Home Russia Islamic Authorities In Russia’s Dagestan Ban Full-Face Veil After Attacks

Islamic Authorities In Russia’s Dagestan Ban Full-Face Veil After Attacks

An interior view of Derbent synagogue following an attack by gunmen and a fire, in Derbent in the region of Dagestan, Russia June 24, 2024, in this still image taken from video. Head of the Dagestan region Sergei Melikov via Telegram/Handout via REUTERS

Islamic authorities in Russia’s Muslim dominated North Caucasus region of Dagestan on
Wednesday temporarily banned women from wearing the niqab full-face veil.

This ban has been imposed after simultaneous attacks targeting churches and synagogues killed 22 recently. Reports following the attacks on June 23 said one of the gunmen had planned to escape wearing a niqab.

Temporary Ban

In a statement posted on the Telegram messenger app, the Dagestan Muftiate said it was introducing a “temporary” ban on the niqab after an appeal from Russia’s Ministry of Nationality Policy and Religious Affairs.

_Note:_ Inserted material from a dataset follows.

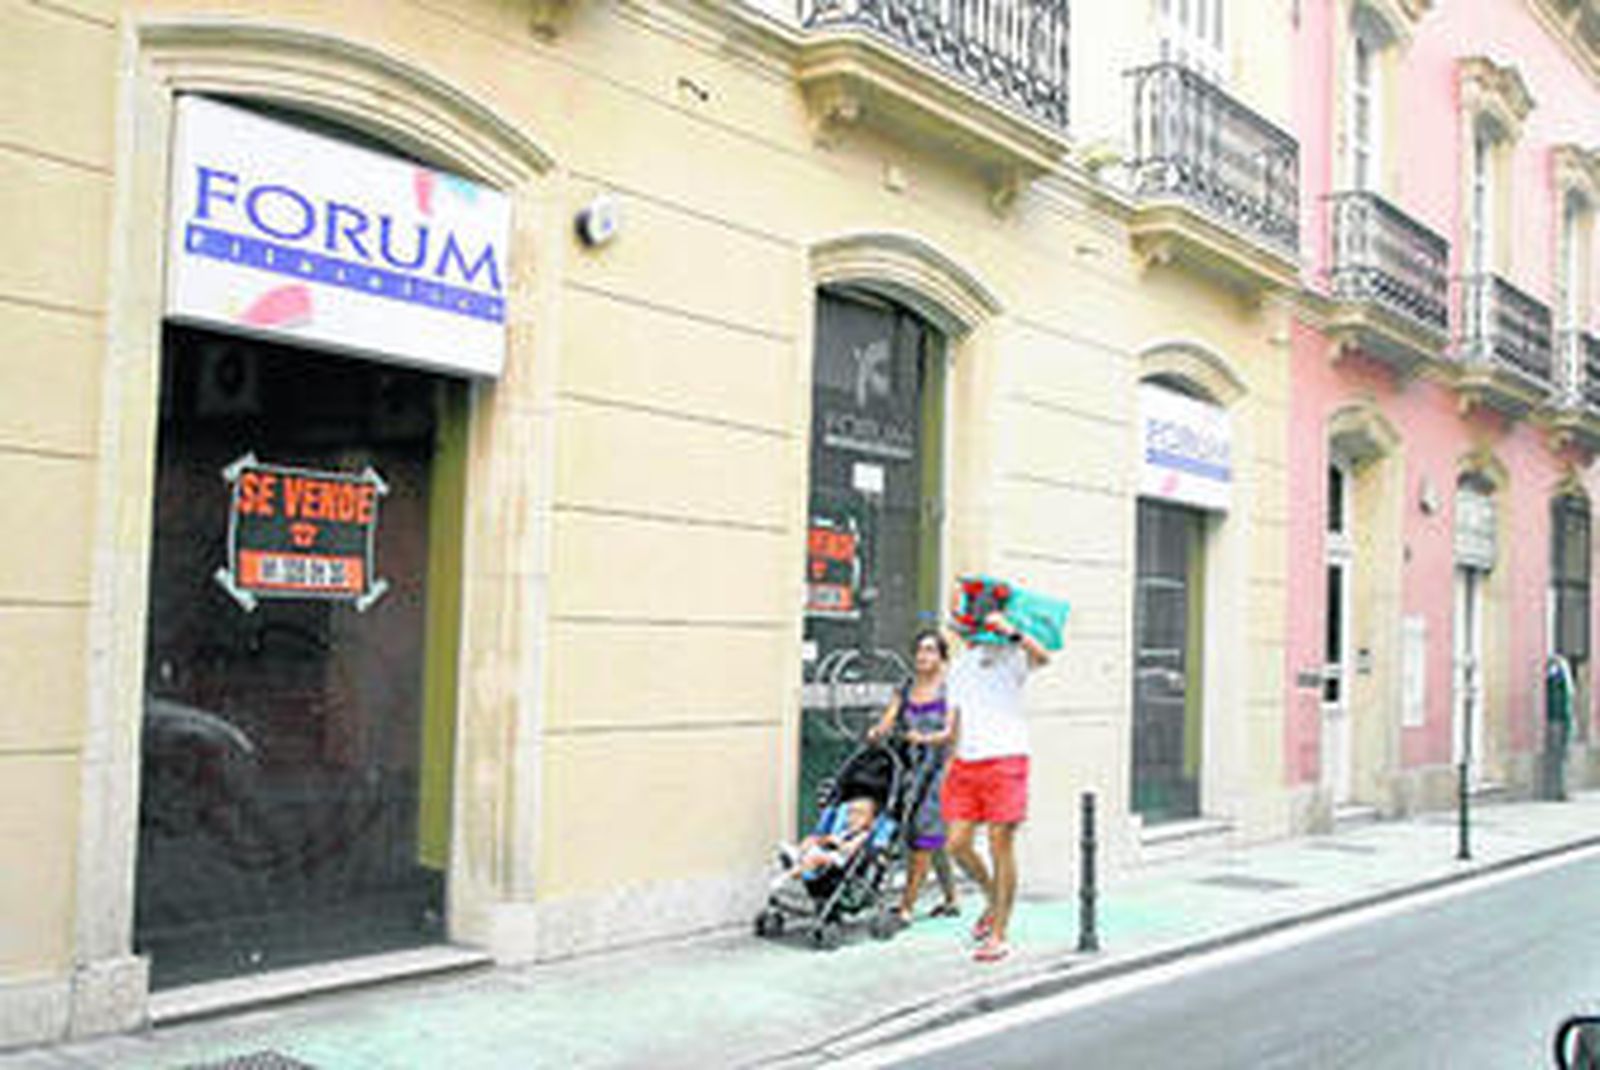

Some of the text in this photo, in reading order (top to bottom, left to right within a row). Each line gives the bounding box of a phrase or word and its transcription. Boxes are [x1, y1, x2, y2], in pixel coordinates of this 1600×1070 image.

[195, 164, 503, 292] FORUM
[238, 472, 377, 524] SE VENDE

The muftiate, a religious organisation representing Muslims from Dagestan, said that the ban would continue “until the identified threats are eliminated and a new
theological conclusion is reached”.

Niqab: A Common Sight

The niqab, a style of veil that covers most of the face and body, originated on the Arabian Peninsula. It gained some popularity in Dagestan amid an Islamic revival in the region
that followed the collapse of the Soviet Union in 1991.

Though only a small minority of Dagestani women wear full-face veils, niqabs have been a common sight in the region’s larger cities.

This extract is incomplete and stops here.